Clinton, Preval urge quick Haiti elections
WASHINGTON: US Secretary of State Hillary Clinton has joined Haitian President Rene Preval in calling for new elections in quake-hit Haiti as soon as possible.
Legislative polls originally set for February and March were postponed after the January 12 earthquake that demolished the capital Port-au-Prince, killing more than 220,000 people and leaving one million Haitians homeless.
Clinton talked with Preval on Tuesday ahead of a planned meeting with President Barack Obama and said he had "made the very important point that we must work toward elections to ensure the stability and legitimacy of the Haitian government.
"I assured President Preval that the United States would work with the international community to hold elections as soon as appropriate," the chief US diplomat said.
Alongside her, Preval said it was imperative that both legislative polls to elect a new parliament and presidential elections to choose his successor were held by the end of the year when he must step down.
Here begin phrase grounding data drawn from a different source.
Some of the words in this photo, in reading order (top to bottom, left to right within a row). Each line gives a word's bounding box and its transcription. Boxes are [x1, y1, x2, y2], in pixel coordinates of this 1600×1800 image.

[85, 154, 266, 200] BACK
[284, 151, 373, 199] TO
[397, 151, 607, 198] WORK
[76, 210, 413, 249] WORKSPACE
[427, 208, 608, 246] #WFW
"To have a provisional government in a year would be a catastrophe. This government would not have legitimacy, there would be no parliament, that would really be returning to 2004," Preval told reporters.
The Caribbean nation -- the poorest country in the western hemisphere -- has had a long history of dictatorship followed by years of political turmoil and civil unrest.
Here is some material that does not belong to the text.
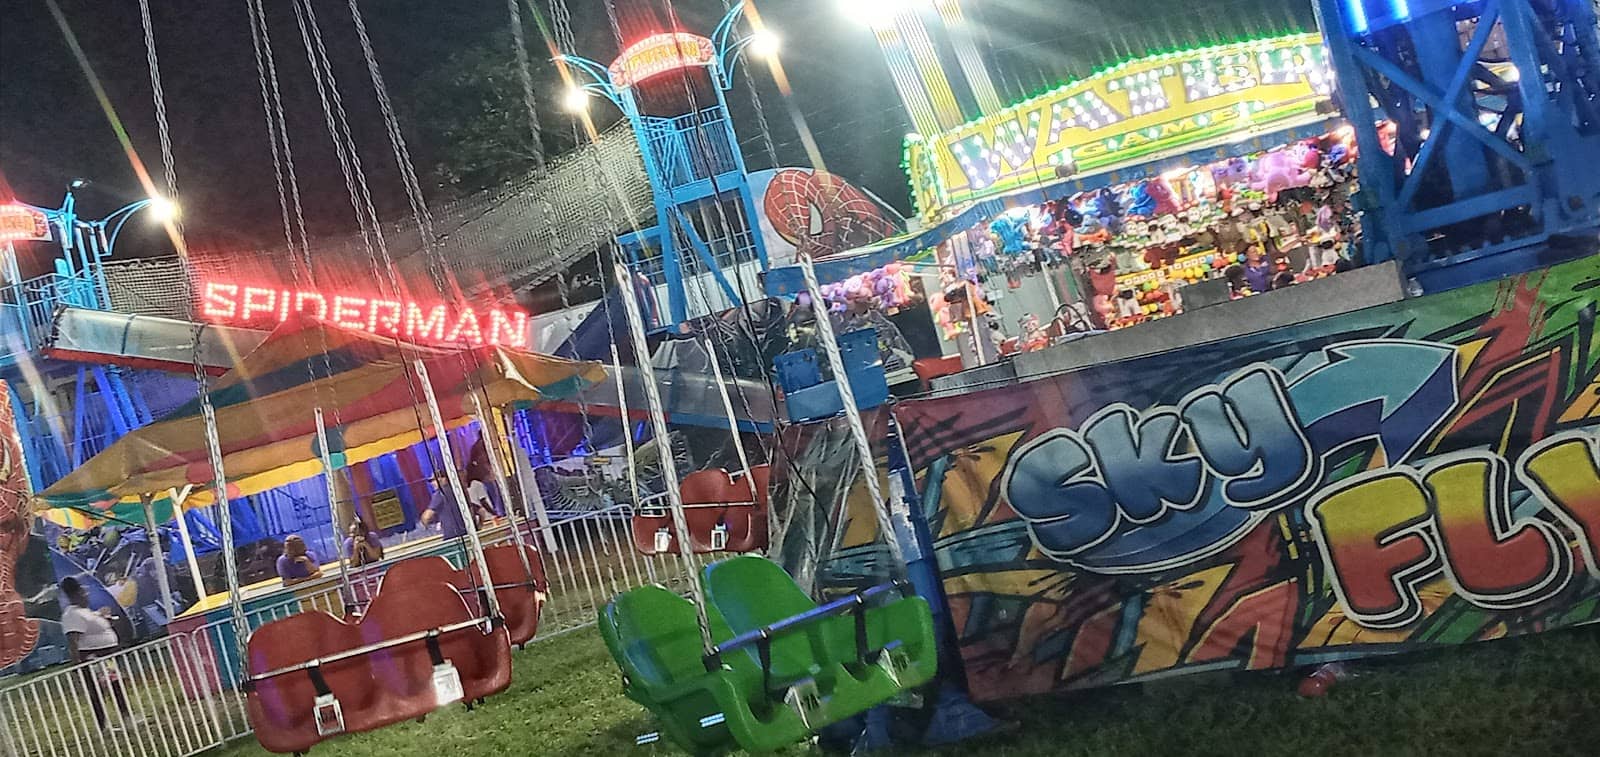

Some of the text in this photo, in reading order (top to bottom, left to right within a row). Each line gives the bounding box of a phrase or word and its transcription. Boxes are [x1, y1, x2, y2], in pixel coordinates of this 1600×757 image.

[948, 43, 1335, 190] WATER
[1071, 108, 1240, 157] GAME
[204, 282, 527, 347] SPIDERMAN
In 2004, 1,000 US Marines followed by thousands of UN peacekeepers brought order to Haiti after a bloody rebellion against president Jean-Bertrand Aristide's rule. A provisional government was then installed.
The elections call comes as quake survivors say poor governance, corruption and shoddy construction magnified a disaster that was hundreds of times less powerful than the quake in Chile but far more deadly and devastating.
Survivors also lament that Haitian government officials were virtually absent in the quake's aftermath.
Preval, 67, who also served as president from 1996 to 2001, is constitutionally barred from seeking a third mandate. His current term expires in February 2011 and presidential elections are expected in December.
The Washington-based Center for Economic and Policy Research (CEPR) recalled reports saying that 15 political parties would have been excluded from the February and March elections.
The CEPR, quoting Haitian lawyers, added that the exclusions were made by the Provisional Electoral Council, whose members were appointed by Preval, according to an email sent to AFP.
The US stepped up Tuesday its withdrawal of some 11,000 troops deployed to help the relief effort and provide security after the disaster, recalling a navy hospital ship. Related article: Haitians wary of US military reduction
Preval underscored that stability was the key to attracting badly-needed foreign investment and suggested Haiti needed to be rebuilt differently with greater economic opportunities for people outside the capital.
"Today, we are faced with a historical situation that will allow us to rebuild, refound this country," he said.
"In the past, everything had been concentrated and focused on the capital, where the political and economic elites of the country live, and the rest of the country was neglected.
"That's why so many people came to Haiti, into Port-au-Prince, in the illusory quest for work that did not exist, and that is why there is so much shoddy construction, which does not comply with standards, and that is why there were so many casualties."
Clinton said the United States has provided nearly 700 million dollars in assistance so far to Haiti, adding "progress has been made but not nearly enough" toward easing the suffering of the Haitian people.
She said US officials are "listening very carefully to President Preval and the voices of the Haitian people as to what our next steps should be," ahead of an international donors conference at the end of the month.
Clinton promised US help in ensuring that homeless Haitians get the shelter they so desperately need before the rainy season begins in earnest in a few months.
She highlighted the need to provide farmers with fertilizer and seeds and suggested that other countries join the US in extending favorable tariffs to Haiti to boost struggling Haitian factories.